EXERCISE GOAL:
Word for word and without images, transcribe all of the records.

DATASET EXCERPTS:
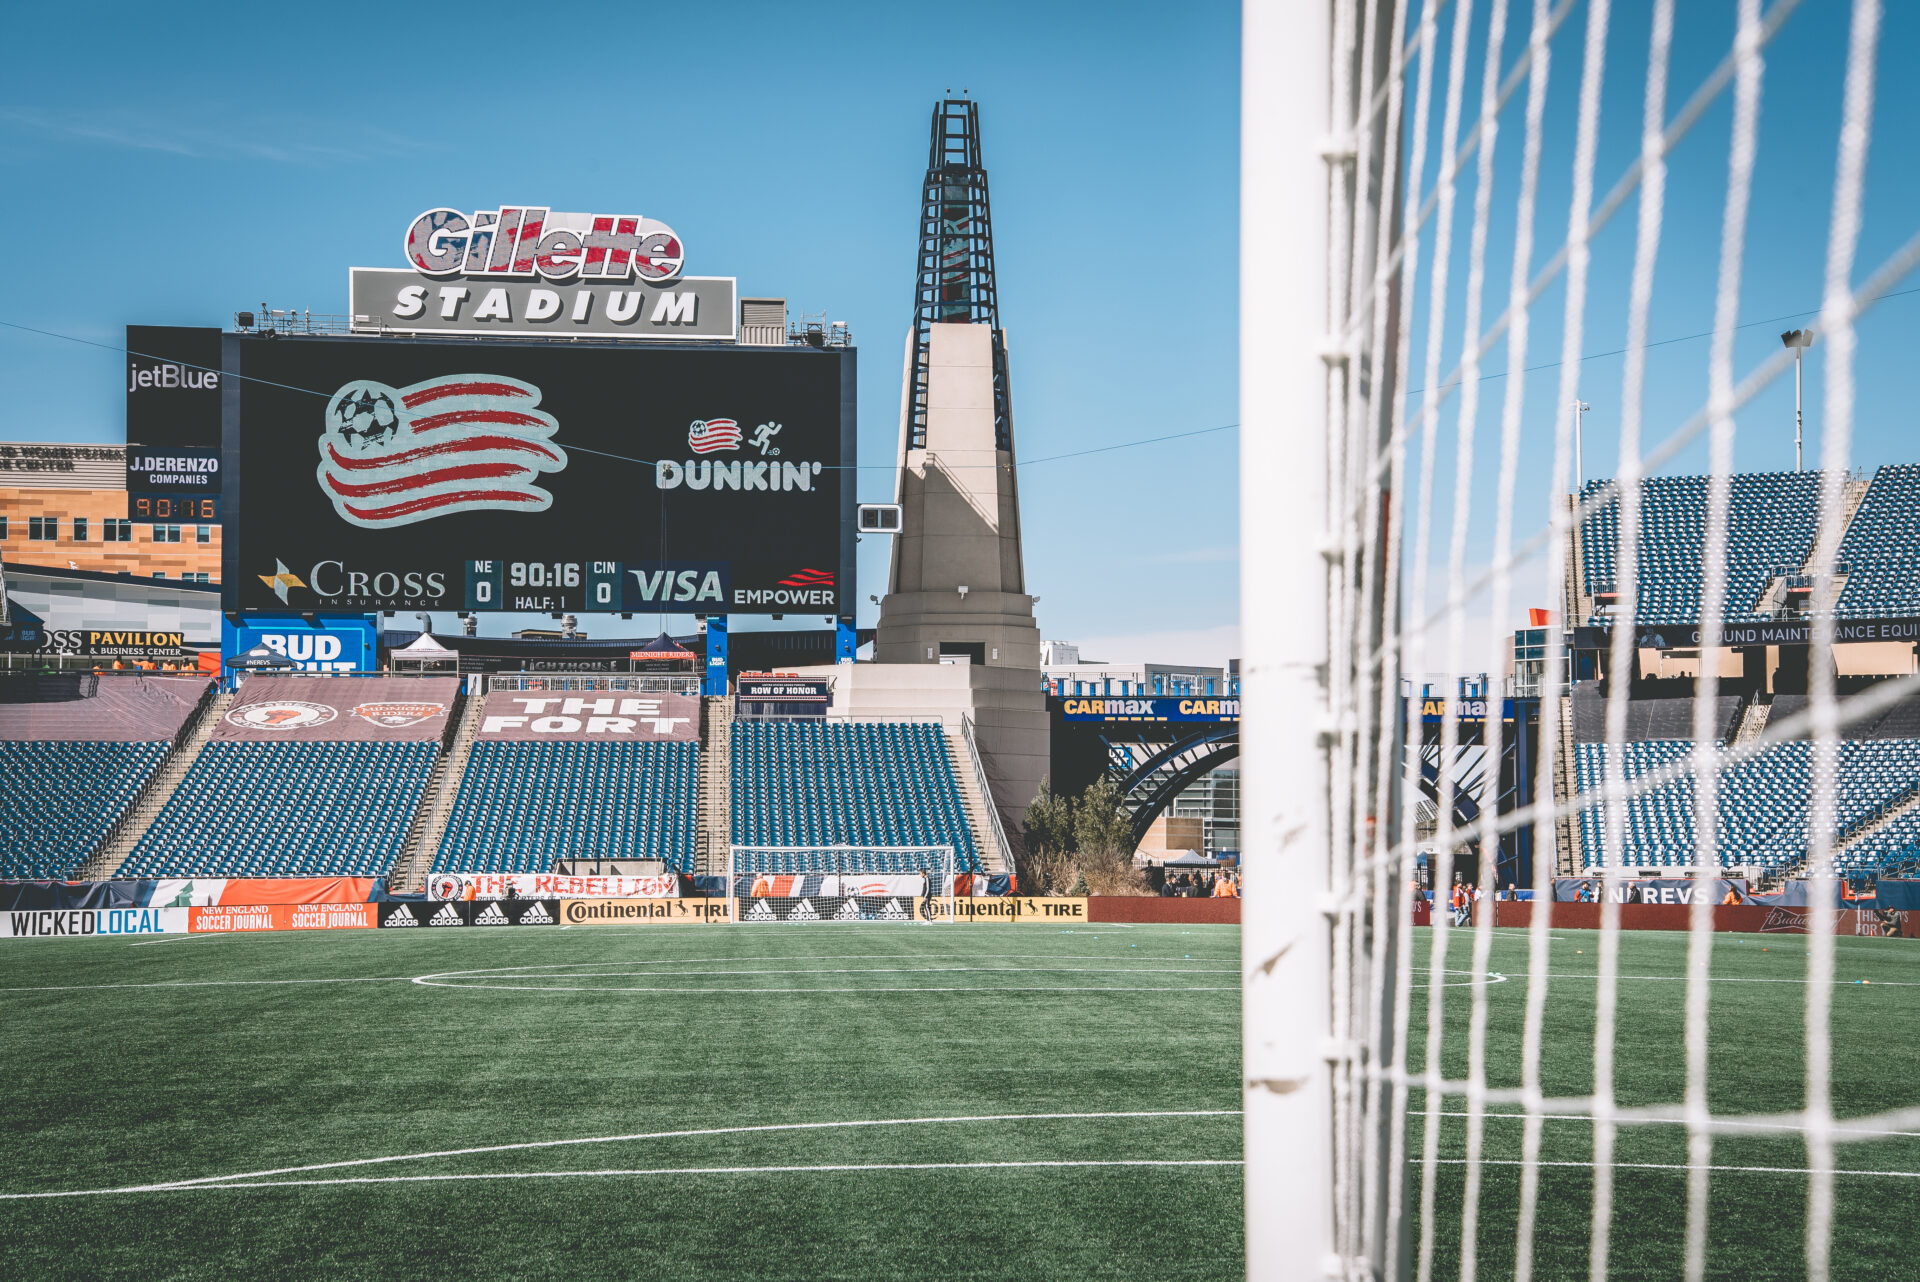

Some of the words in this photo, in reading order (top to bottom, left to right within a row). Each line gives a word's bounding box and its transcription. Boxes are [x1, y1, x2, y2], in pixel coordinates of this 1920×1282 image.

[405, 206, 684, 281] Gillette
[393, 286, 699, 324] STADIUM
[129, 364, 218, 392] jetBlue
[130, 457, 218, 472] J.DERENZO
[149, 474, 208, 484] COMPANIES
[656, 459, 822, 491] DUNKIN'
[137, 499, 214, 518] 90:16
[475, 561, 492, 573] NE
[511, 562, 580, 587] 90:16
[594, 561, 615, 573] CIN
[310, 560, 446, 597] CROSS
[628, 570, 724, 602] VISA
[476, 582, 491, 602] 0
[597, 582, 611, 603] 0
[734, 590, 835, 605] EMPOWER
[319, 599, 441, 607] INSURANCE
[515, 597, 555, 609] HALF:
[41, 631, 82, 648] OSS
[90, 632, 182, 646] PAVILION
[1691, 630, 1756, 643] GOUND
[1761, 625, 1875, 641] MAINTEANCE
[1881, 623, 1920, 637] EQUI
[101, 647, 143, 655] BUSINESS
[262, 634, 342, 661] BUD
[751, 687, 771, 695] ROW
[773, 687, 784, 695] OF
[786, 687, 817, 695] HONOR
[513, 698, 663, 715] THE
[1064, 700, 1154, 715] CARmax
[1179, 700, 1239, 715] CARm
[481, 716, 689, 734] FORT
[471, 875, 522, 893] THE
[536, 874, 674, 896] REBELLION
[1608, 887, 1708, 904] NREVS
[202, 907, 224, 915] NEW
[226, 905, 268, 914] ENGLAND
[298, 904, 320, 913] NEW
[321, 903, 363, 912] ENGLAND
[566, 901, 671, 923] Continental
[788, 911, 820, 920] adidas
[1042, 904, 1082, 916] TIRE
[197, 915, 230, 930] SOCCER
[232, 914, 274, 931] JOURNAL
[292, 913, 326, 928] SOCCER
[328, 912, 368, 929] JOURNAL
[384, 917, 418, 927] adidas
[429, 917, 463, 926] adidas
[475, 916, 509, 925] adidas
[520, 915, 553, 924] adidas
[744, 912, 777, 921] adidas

ANSWER TO THIS PROBLEM:
Some of the words in this photo, in reading order (top to bottom, left to right within a row). Each line gives a word's bounding box and its transcription. Boxes are [x1, y1, x2, y2], in pixel coordinates of this 1920×1282 image.

[405, 206, 684, 281] Gillette
[393, 286, 699, 324] STADIUM
[129, 364, 218, 392] jetBlue
[130, 457, 218, 472] J.DERENZO
[149, 474, 208, 484] COMPANIES
[656, 459, 822, 491] DUNKIN'
[137, 499, 214, 518] 90:16
[475, 561, 492, 573] NE
[511, 562, 580, 587] 90:16
[594, 561, 615, 573] CIN
[310, 560, 446, 597] CROSS
[628, 570, 724, 602] VISA
[476, 582, 491, 602] 0
[597, 582, 611, 603] 0
[734, 590, 835, 605] EMPOWER
[319, 599, 441, 607] INSURANCE
[515, 597, 555, 609] HALF:
[41, 631, 82, 648] OSS
[90, 632, 182, 646] PAVILION
[1691, 630, 1756, 643] GOUND
[1761, 625, 1875, 641] MAINTEANCE
[1881, 623, 1920, 637] EQUI
[101, 647, 143, 655] BUSINESS
[262, 634, 342, 661] BUD
[751, 687, 771, 695] ROW
[773, 687, 784, 695] OF
[786, 687, 817, 695] HONOR
[513, 698, 663, 715] THE
[1064, 700, 1154, 715] CARmax
[1179, 700, 1239, 715] CARm
[481, 716, 689, 734] FORT
[471, 875, 522, 893] THE
[536, 874, 674, 896] REBELLION
[1608, 887, 1708, 904] NREVS
[202, 907, 224, 915] NEW
[226, 905, 268, 914] ENGLAND
[298, 904, 320, 913] NEW
[321, 903, 363, 912] ENGLAND
[566, 901, 671, 923] Continental
[788, 911, 820, 920] adidas
[1042, 904, 1082, 916] TIRE
[197, 915, 230, 930] SOCCER
[232, 914, 274, 931] JOURNAL
[292, 913, 326, 928] SOCCER
[328, 912, 368, 929] JOURNAL
[384, 917, 418, 927] adidas
[429, 917, 463, 926] adidas
[475, 916, 509, 925] adidas
[520, 915, 553, 924] adidas
[744, 912, 777, 921] adidas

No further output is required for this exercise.